I’ve been turning over in my head how SSG could actually pull off a LOTRO Classic in a realistic fashion. The studio doesn’t have endlessly deep pockets, after all. So what possibilities does that leave us with?
Option #1: An endlessly locked Eriador
The first, and by far the easiest, scenario would be to create a server that functions nearly identically to the progression servers — with the exception that this server would never, ever progress past Shadows of Angmar. Level 50 would be the eternal cap, Moria’s doors would never open, and inhabitants could exist in a land where legendary items are but the boogeyman, whispered as a cautionary tale to naughty children to keep them in line.
Clearly, this could be done because it has been done. It might end up being a niche community, but I think it might have more staying power than one might first assume. There’s a pretty devoted subsection of LOTRO players on the live servers who join guilds that halt progress at level 50 (thanks to the Stone of the Tortoise) and ignore the rest of the game. This would be a server that would effectively do the same for everyone on it.
SSG could tinker around with it a bit, too, by changing the rules (such as how it’s slowed leveling speed on the progression servers) or even holding back some of Eriador’s content and releasing it in patches the way that the original game did.
The drawback to this is that it’s not LOTRO Classic in truth, just LOTRO Limited. For some it might be enough, but for others who really want a throwback server, it’s not going to sit well.
Option #2: Bring back trait lines
Here’s a good middle ground that I’ve argued for in the past. Keep the idea from Option #1 up there but make one significant change: Abolish the trait trees and bring back character trait lines.
Hear me out. Veteran players by and large really liked the flexibility and unique structure of trait lines. It was unique to LOTRO, whereas talent trees are ubiquitous in the genre, and delivered both challenge and options to players who could customize their character independently of their level. Trait trees could give a server a “classic” feel with that one big change alone — and serve to draw in a lot of people who left the game over their abolition or hold a torch for them.

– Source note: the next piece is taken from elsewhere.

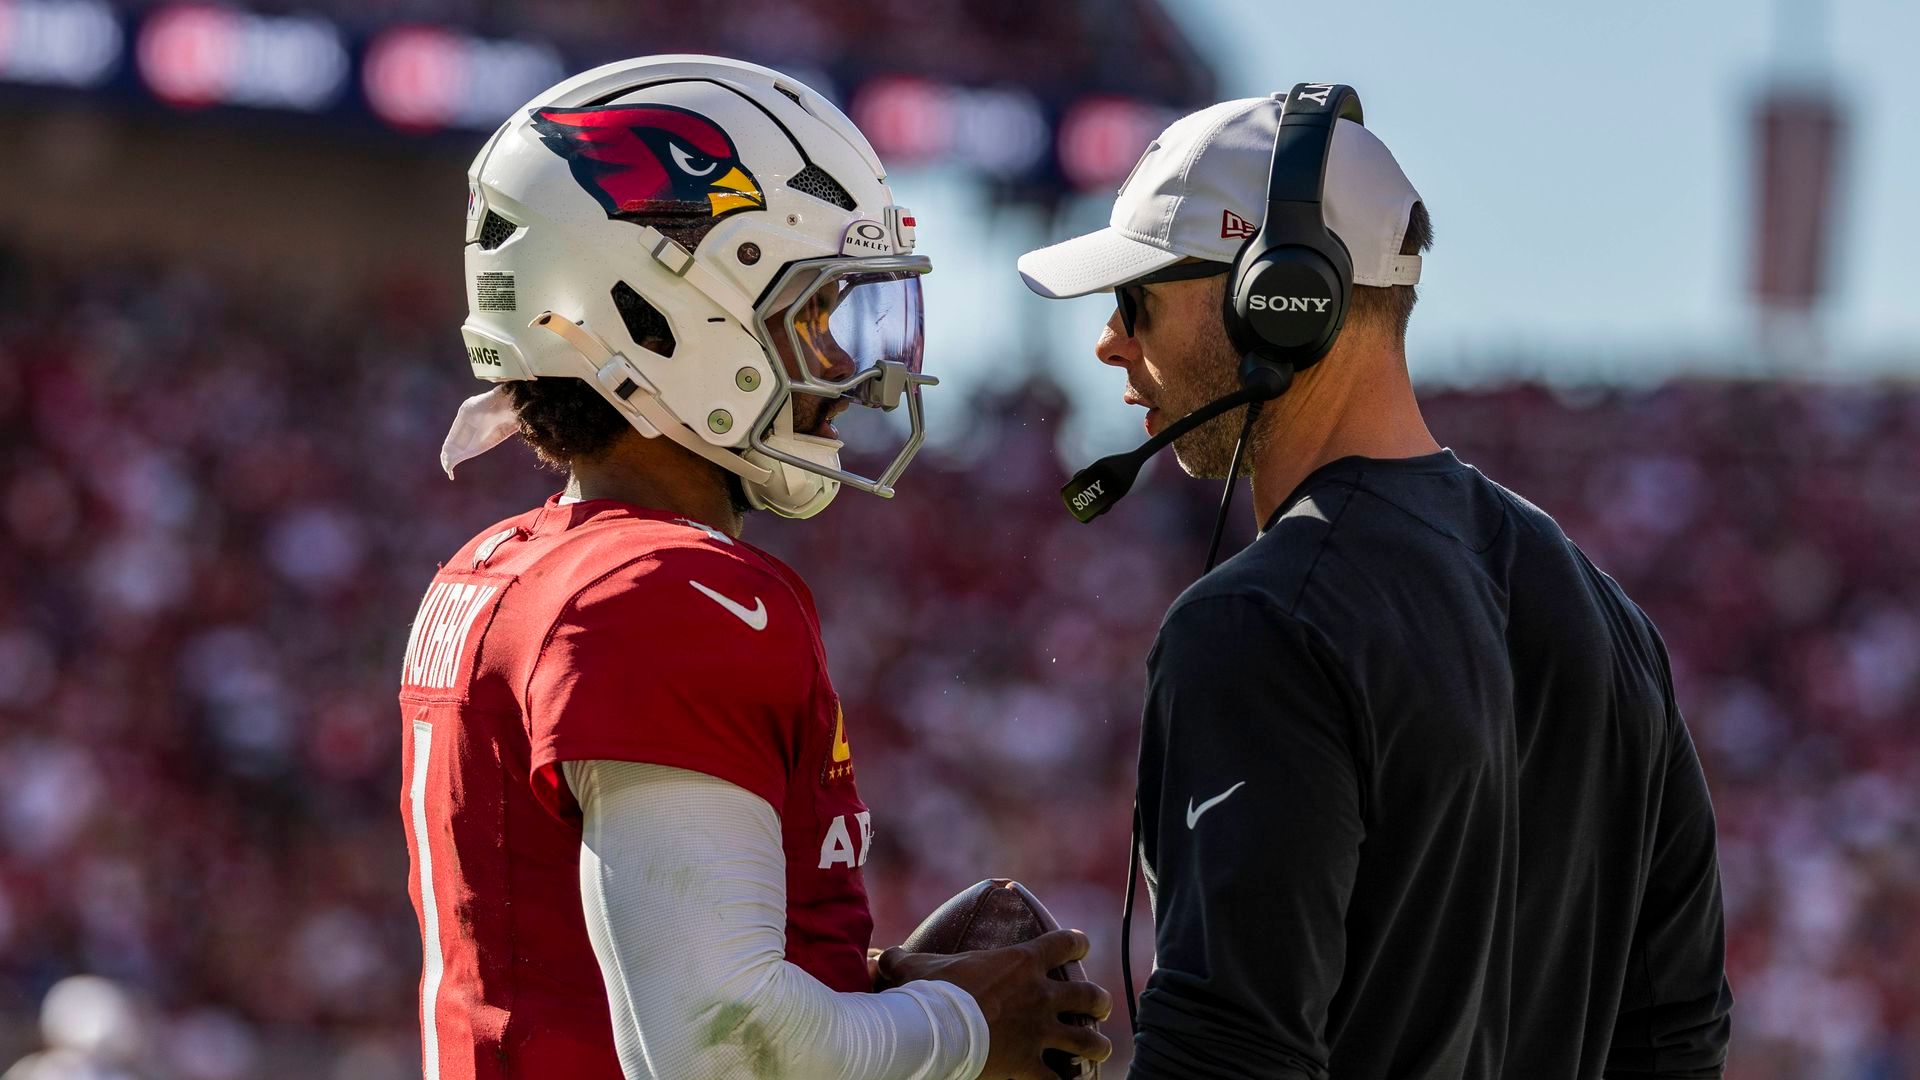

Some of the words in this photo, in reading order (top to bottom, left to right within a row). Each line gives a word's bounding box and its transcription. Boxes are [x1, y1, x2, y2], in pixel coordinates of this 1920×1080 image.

[846, 237, 889, 252] OAKLEY
[1249, 294, 1331, 312] SONY
[1072, 479, 1105, 511] SONY

Obviously, SSG would have to do a lot of work to reverse-engineer the current code — but it’s not impossible. In fact, as far as I’m aware, playable monster characters still use this system. And the whole skirmish system uses it as well!
It might be an effort for SSG, but I think it would be both doable and worth doing. Bundle up trait lines with a limited scope server and sell it to players as LOTRO Classic. Boom. Done.

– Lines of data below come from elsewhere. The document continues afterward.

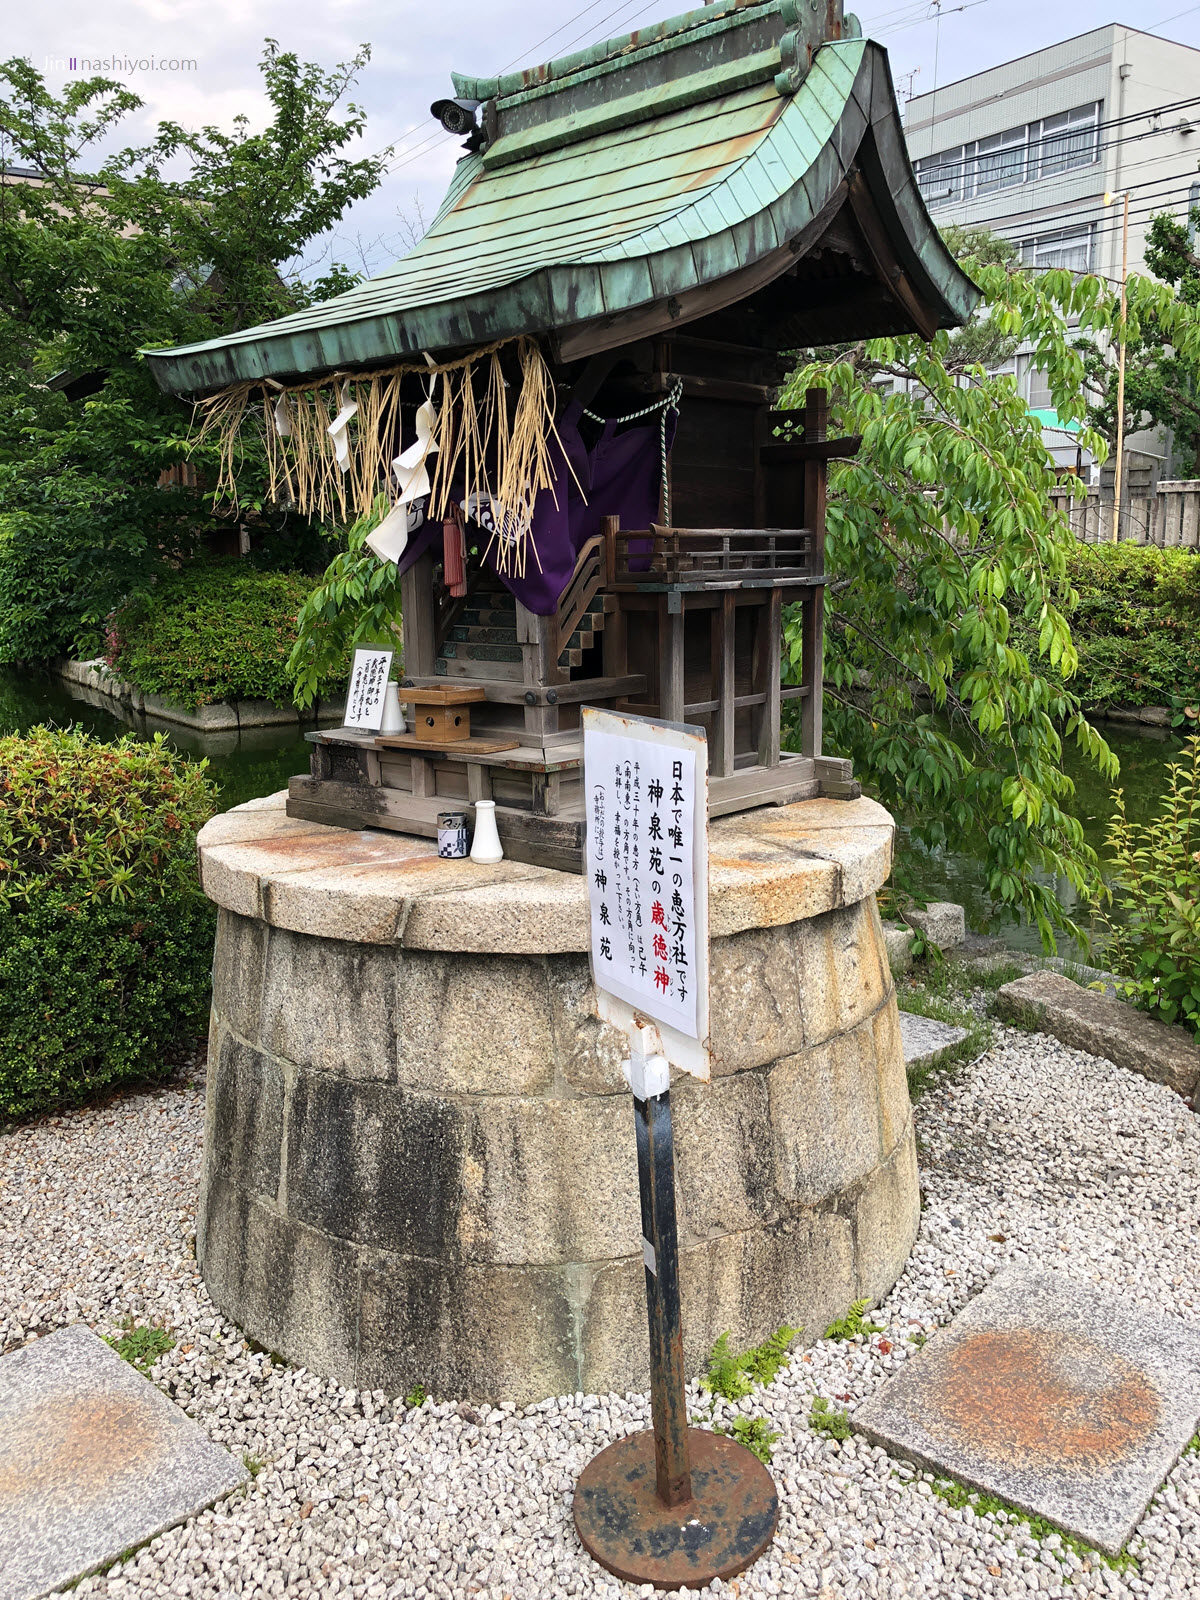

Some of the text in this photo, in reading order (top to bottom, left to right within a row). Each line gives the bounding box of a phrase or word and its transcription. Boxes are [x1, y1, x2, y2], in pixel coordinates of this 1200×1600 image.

[594, 868, 612, 961] 神泉苑
[647, 778, 670, 995] 神泉苑の歳徳神
[667, 760, 688, 1003] 日本で唯一の恵方社です
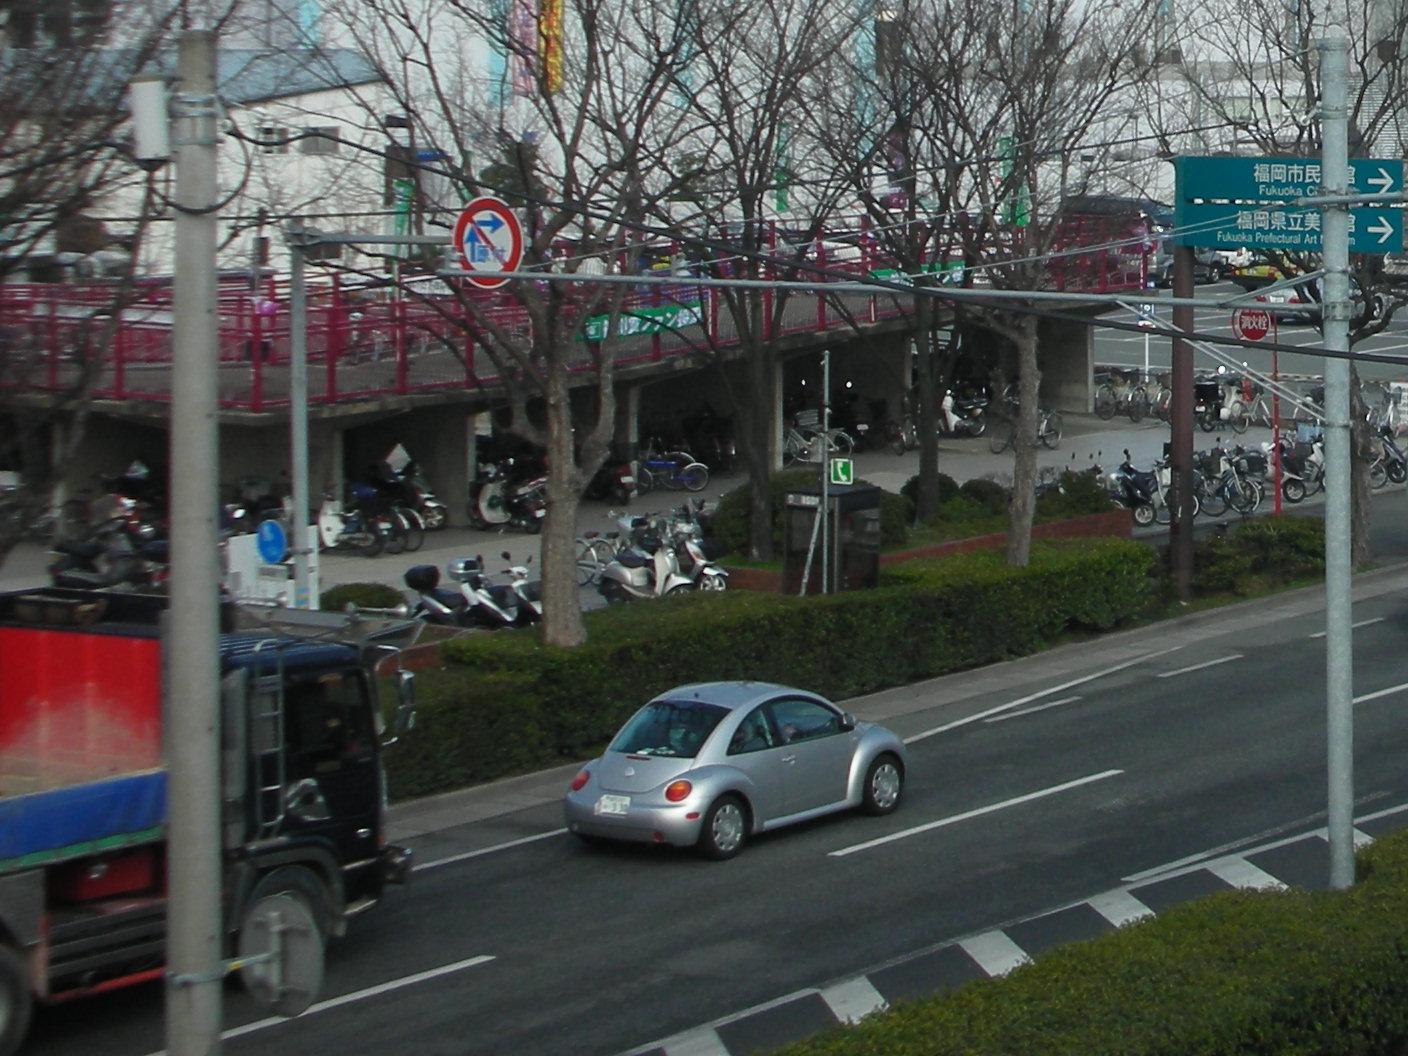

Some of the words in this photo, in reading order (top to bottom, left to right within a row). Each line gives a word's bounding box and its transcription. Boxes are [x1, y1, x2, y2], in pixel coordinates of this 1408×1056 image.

[1253, 163, 1356, 184] 福岡市民
[1258, 184, 1303, 196] Fukuoka
[1237, 210, 1356, 233] 福岡県立美
[1216, 231, 1253, 243] Fukuoka
[1255, 232, 1301, 245] Prefectural
[1303, 232, 1318, 245] Art
[1240, 315, 1268, 330] 消火栓

Option #3: Recreate — not restore — the 2007 code
I hear what Jeff Libby is saying about not wanting to dust off an old server or codebase for LOTRO, plug it in, and hope for the best in 2020. He’s right: That would be a total mess. I don’t think it’s what anyone is asking SSG to do, however.
The desire I see for a LOTRO Classic is for a game that would walk the same development path as WoW Classic. WoW Classic isn’t the 2004 code of the game on the original hardware; it’s a very cleverly engineered overlay that uses the modern game but changes it to look and function like the older game. So you can keep all of the bug fixes but simulate going back in time.

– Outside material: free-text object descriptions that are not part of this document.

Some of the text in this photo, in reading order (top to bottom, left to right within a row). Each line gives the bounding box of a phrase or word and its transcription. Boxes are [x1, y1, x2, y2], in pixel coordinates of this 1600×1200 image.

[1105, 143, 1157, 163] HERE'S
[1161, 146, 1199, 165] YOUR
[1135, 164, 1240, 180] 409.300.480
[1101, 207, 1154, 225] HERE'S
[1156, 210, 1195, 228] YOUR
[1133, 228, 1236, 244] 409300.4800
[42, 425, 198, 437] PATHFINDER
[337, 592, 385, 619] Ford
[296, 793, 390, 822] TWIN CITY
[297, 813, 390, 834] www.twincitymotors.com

That’s what, if SSG had the will and the funding to do, I would love to see done with Lord of the Rings Online. Take the modern, better-than-2007-in-the-bug-fix-department game and then mold and shape it into Classic. Bring back trait lines. Abolish the Old Forest map. Yank out all of the sunflowers from the Shire. The old server code, which hopefully still exists somewhere, could serve as a guide for the developers to do this.
It could be done. It might even be something within SSG’s capabilities, granted that it got funding approval from Daybreak and bent its will to making it happen. I don’t think there’s a snowball’s chance in hell that it ever would happen, of course, because SSG seems preoccupied with new expansions and releases.
But that’s my case. Three ways that a LOTRO Classic could be accomplished, more or less. What are your thoughts? Sound off in the comments!